**Data extract:**
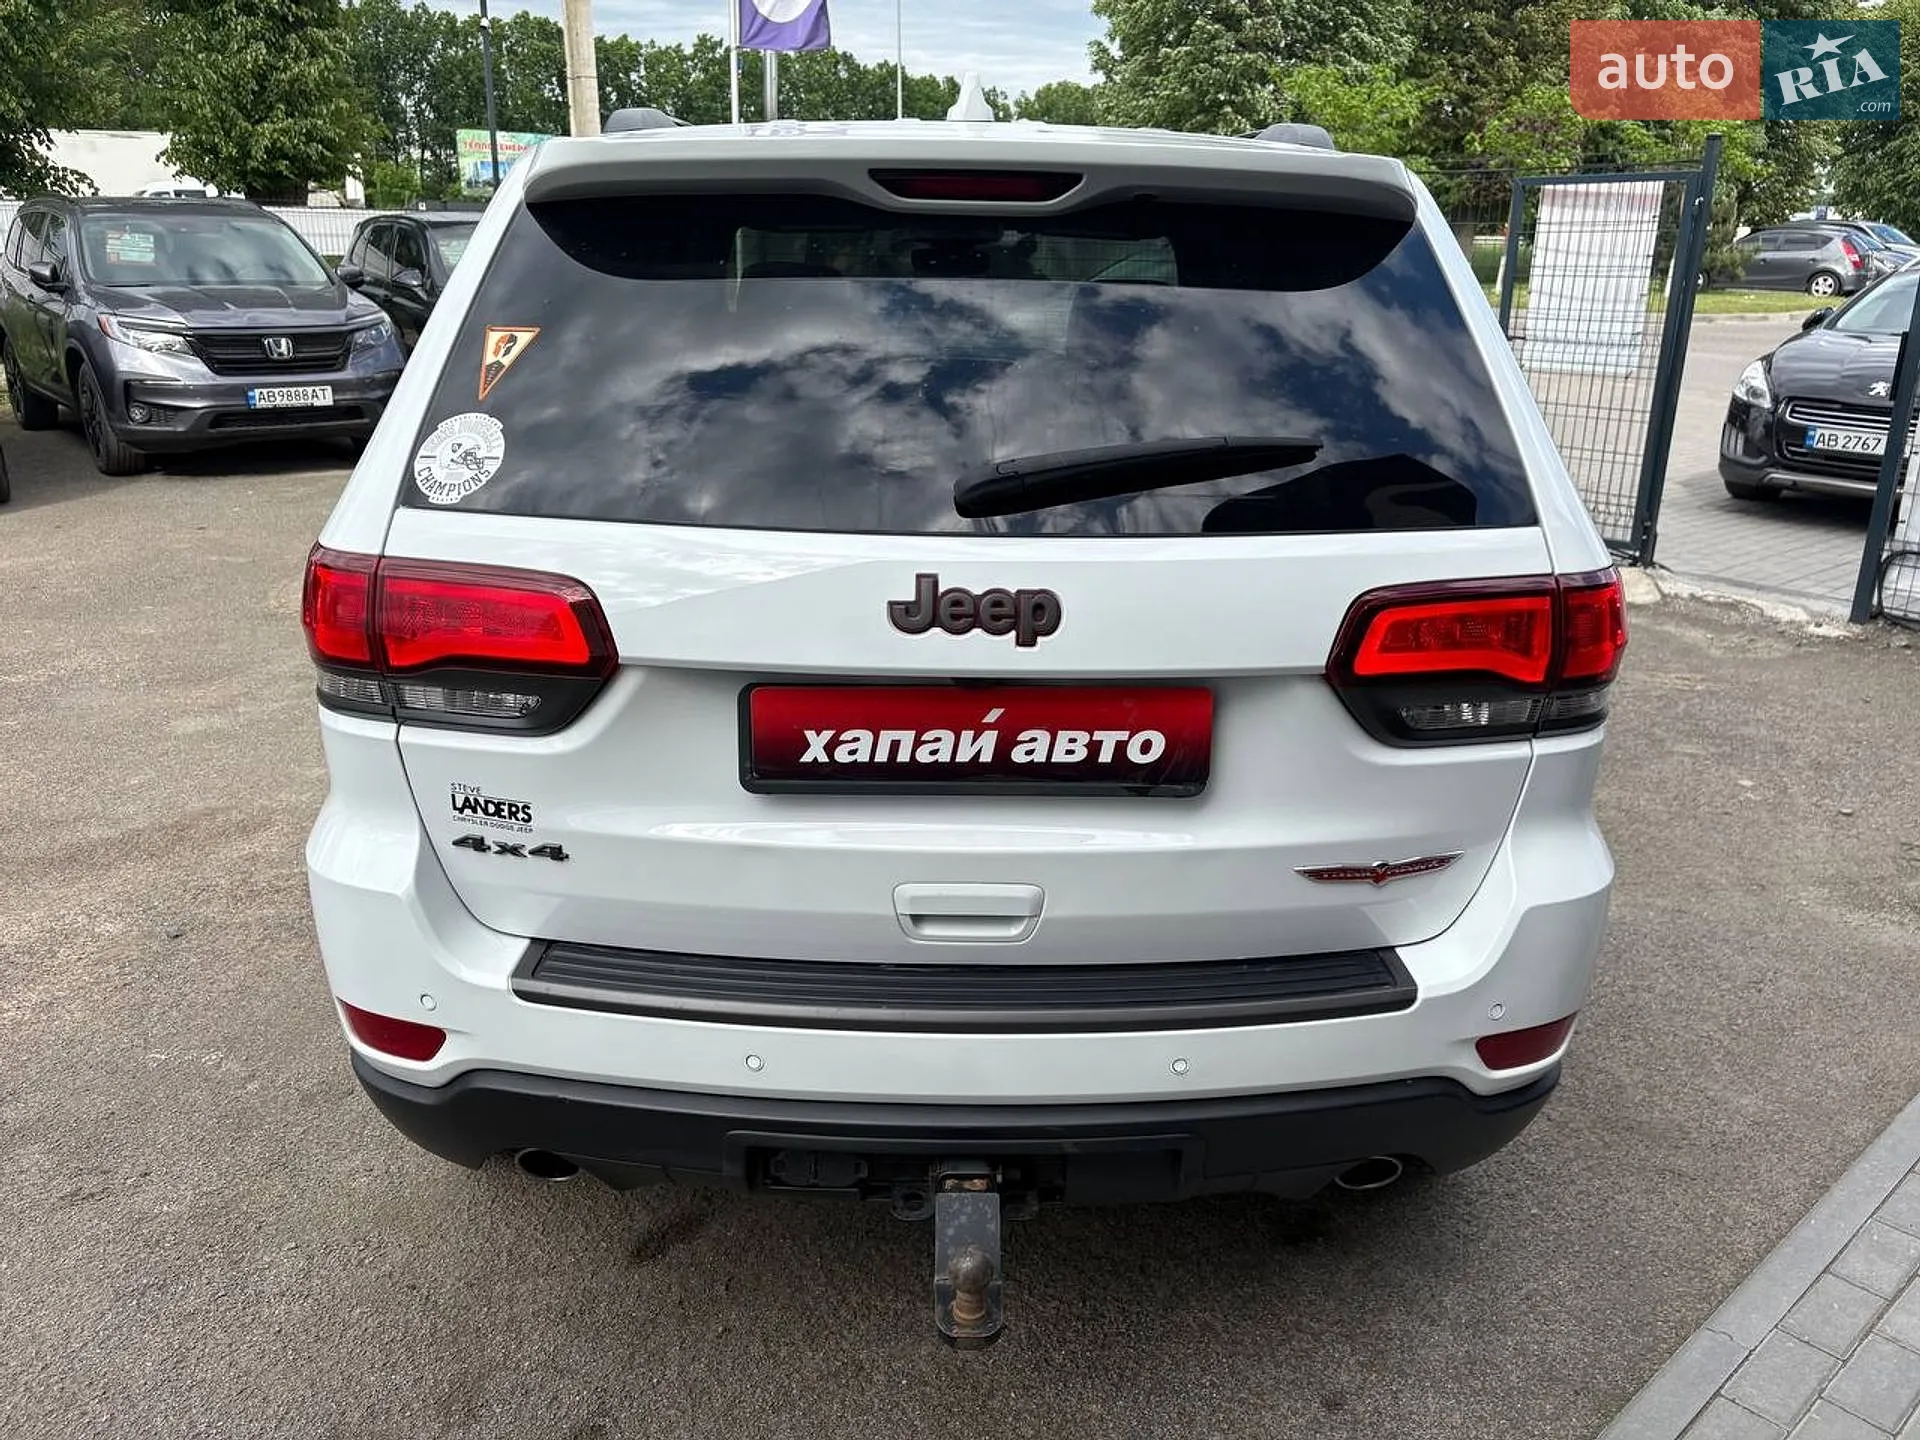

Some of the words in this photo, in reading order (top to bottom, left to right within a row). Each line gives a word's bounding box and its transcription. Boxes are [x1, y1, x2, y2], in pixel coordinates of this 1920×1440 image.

[417, 466, 491, 497] CHAMPIONS
[888, 573, 1061, 647] Jeep
[800, 708, 1005, 763] хапай
[1011, 729, 1166, 764] авто
[451, 782, 481, 794] STEVE
[451, 793, 532, 823] LANDERS
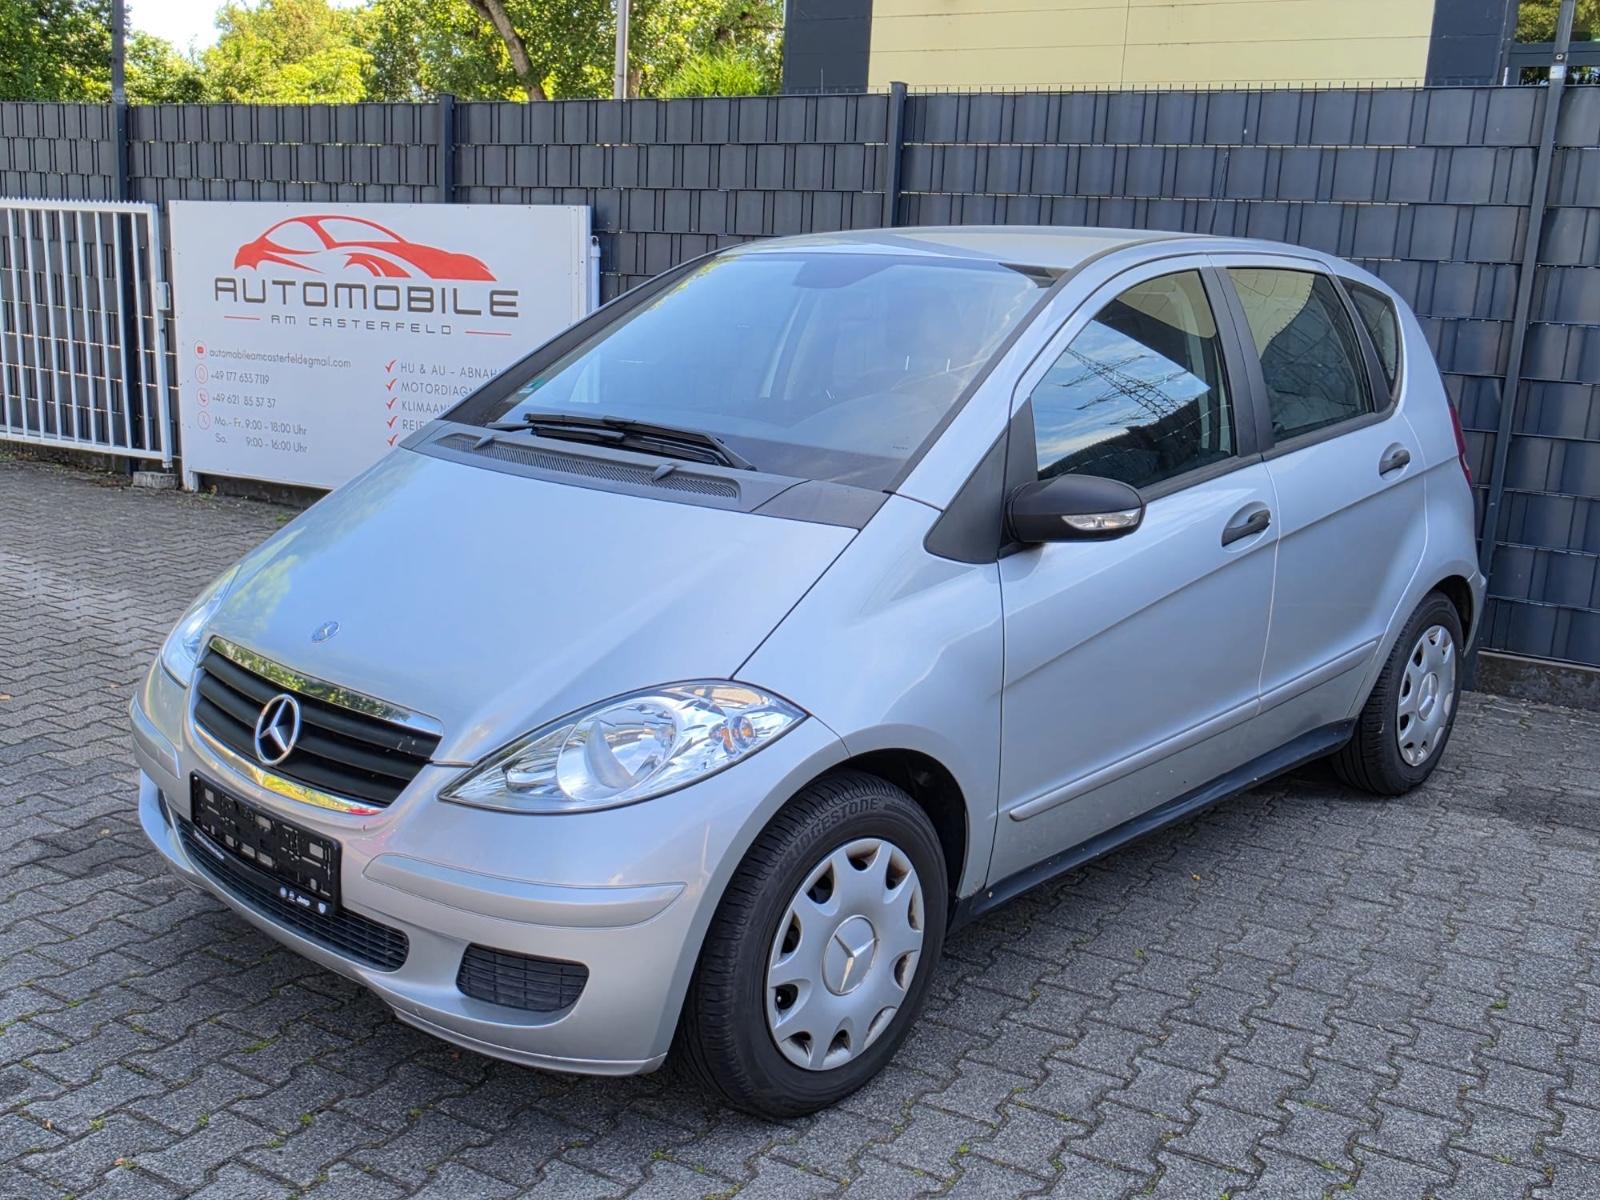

**Prompt:** Would you copy each line above exactly as given, dropping any images?

**Answer to this problem:**
Some of the words in this photo, in reading order (top to bottom, left to right within a row). Each line gives a word's bounding box and its transcription. Boxes are [x1, y1, x2, y2], in pixel coordinates of this 1920×1440 image.

[417, 466, 491, 497] CHAMPIONS
[888, 573, 1061, 647] Jeep
[800, 708, 1005, 763] хапай
[1011, 729, 1166, 764] авто
[451, 782, 481, 794] STEVE
[451, 793, 532, 823] LANDERS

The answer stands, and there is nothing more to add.